Alguna
vez la edición local de la revista Rolling Stone publicó una foto
de Rufus Wainwright en la plaza de toros de Valencia con una remera
de Sumo que decía Luca Vive. Nunca hubo una explicación de cómo
llegó esa remera a él, pero lo cierto es que a partir de esa
curiosidad yo me había figurado una relación especial entre el
artista neoyorquino y la Argentina. La cosa es que esta anécdota es
de 2006 y los años fueron pasando y Rufus no se dignó a bajar a
Buenos Aires; cosa que finalmente ocurrió ayer, junto con la primera
ola polar anticipando el invierno y con la gente con ganas de
amucharse alrededor de su piano para tenerlo y escucharlo bien de
cerquita, mientras él contagiaba su calidez. Sí, alrededor de su
piano, porque Rufus Wainwright vino solo, sin su banda, y esa
ausencia de complementos que bien podría haber sido un déficit
terminó resultando su mayor virtud. O acaso de haber venido con su
banda, no habríamos reservado el adjetivo de mágico para su
eventual momento en solitario sobre el escenario?, me preguntaba ayer
a la salida del Gran Rex, mientras hacía sociales (??) con los
contactos virtuales que la música vuelve de carne y hueso. Mágico
entonces termina por ser un calificativo válido para todo el
concierto.
Rufus
entró a un escenario despojado con una boina ladeada, unos zapatos
imposibles (a ver si Elton John se les atreve) y una bufanda con los
colores argentinos la cual, según contó más tarde, le regaló su
club de fans local. Su estampa hizo que por un momento tema que nos
hubieran engatusado un Mike Amigorena de cotillón, pero no. Saludó
con una leve reverencia y se sentó frente a su piano para dar
comienzo al concierto con “The art teacher” de su disco “Want
two” de 2004. De entrada nomás se mostró animado y charlatán, y
para cada anécdota fue acompañada por el histrionismo de sus manos.

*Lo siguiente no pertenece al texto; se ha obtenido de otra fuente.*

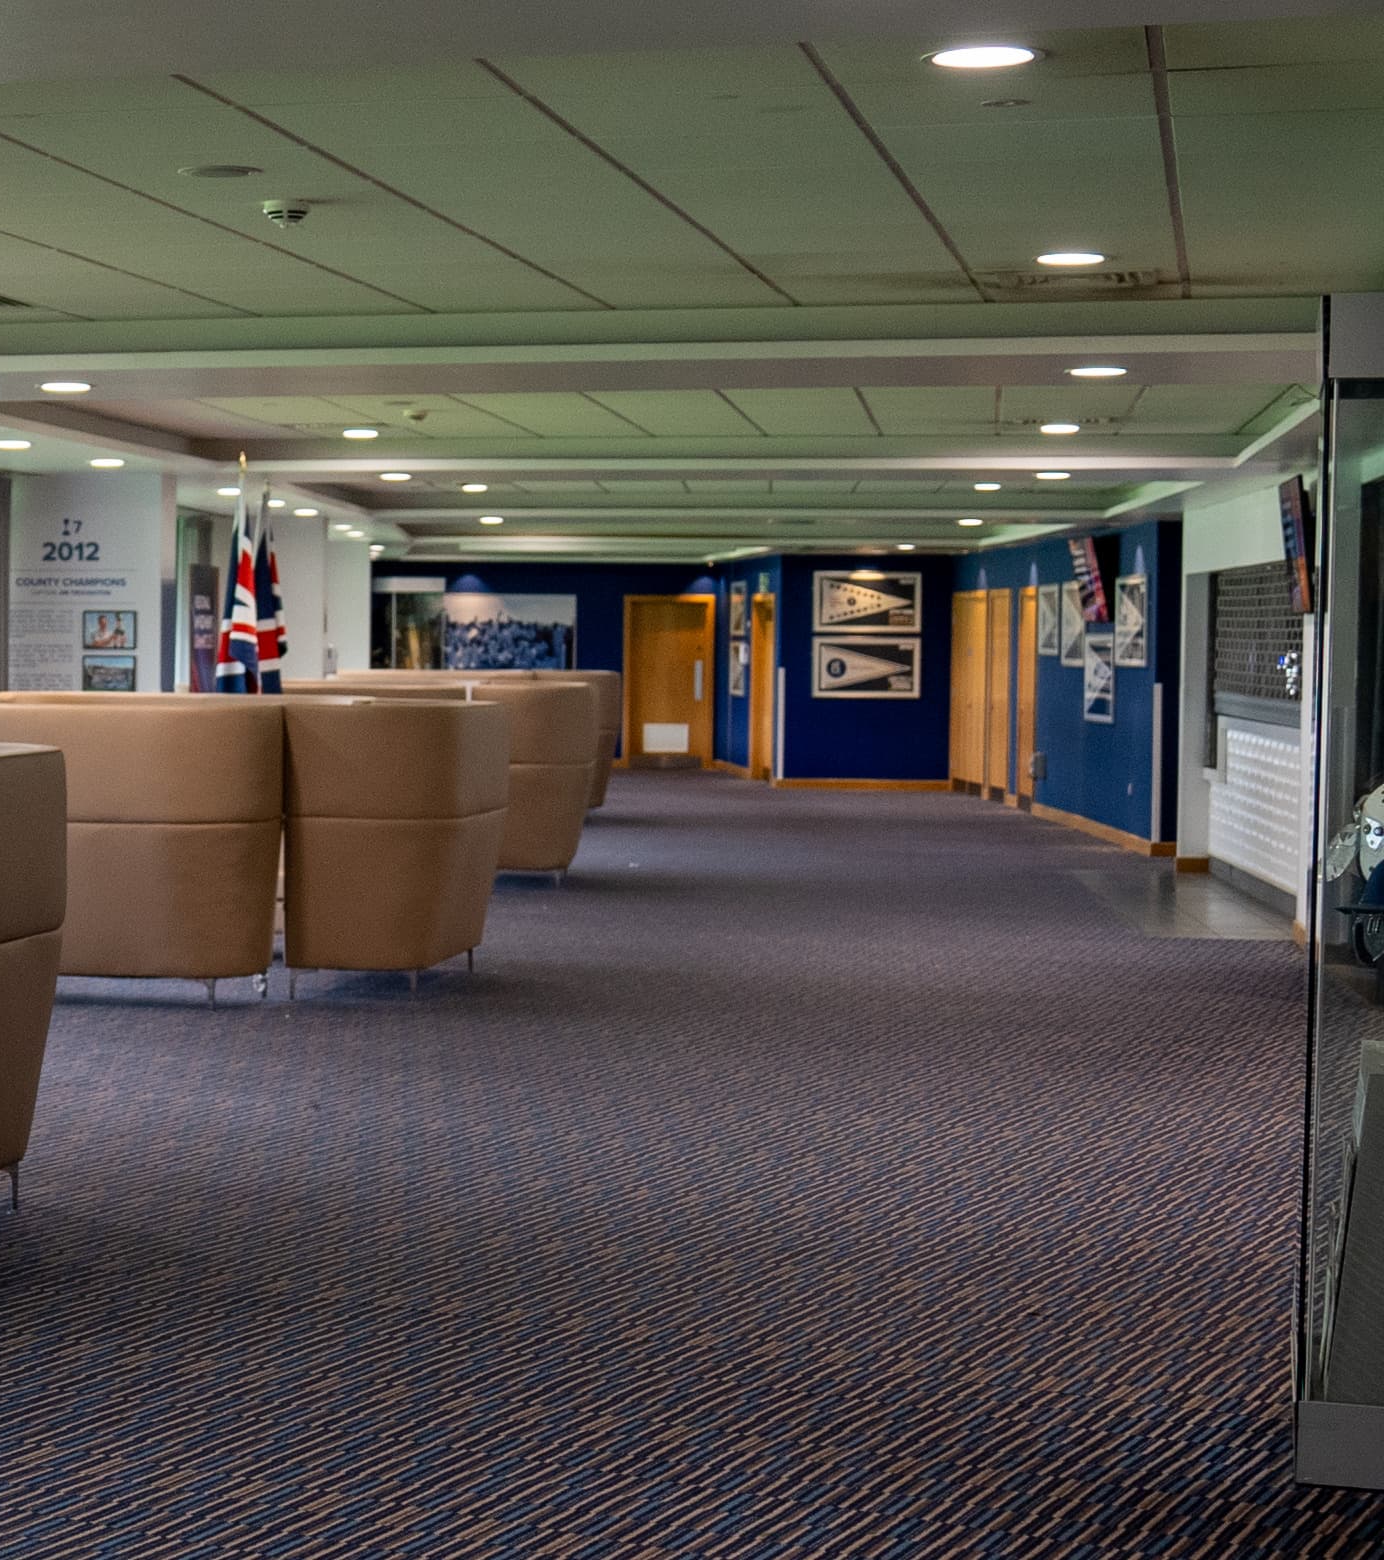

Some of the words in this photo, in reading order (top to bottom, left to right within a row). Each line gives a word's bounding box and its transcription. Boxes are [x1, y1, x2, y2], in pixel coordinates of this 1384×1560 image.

Ya en el segundo tema, “This love affair”, deja una nota
suspendida en el tiempo y su garganta entrega los primeros síntomas
de una voz provilegiada en gran estado. Se acompaña en arpegios de
piano más o menos complejos según el tema, pero el centro siempre
está puesto en esa voz, tanto es así que a la hora de tocar
“Vibrate” prescinde en absoluto de su mano derecha.
Rufus
Wainwright fue alterando los climas del concierto intercalando
canciones más amenas con otras de tono melodramático. Por lo
general en los tonos amables se acompañó con una guitarra, mientras
que el piano quedó reservado para los climas más íntimos, al menos
en la primera parte del show. Entre los momentos más sencillos y
contagiosos se destacaron las canciones de su último trabajo (“Out
of the game”-2012) como “Jericho” o la que le da el nombre al
álbum; y hasta la ironía tuvo su lugar en “Who are you, New
York?”. A la hora de los homenajes, los beneficiarios fueron River
Phoenix en”Matinee idol”, mientras que en “Memphis skyline”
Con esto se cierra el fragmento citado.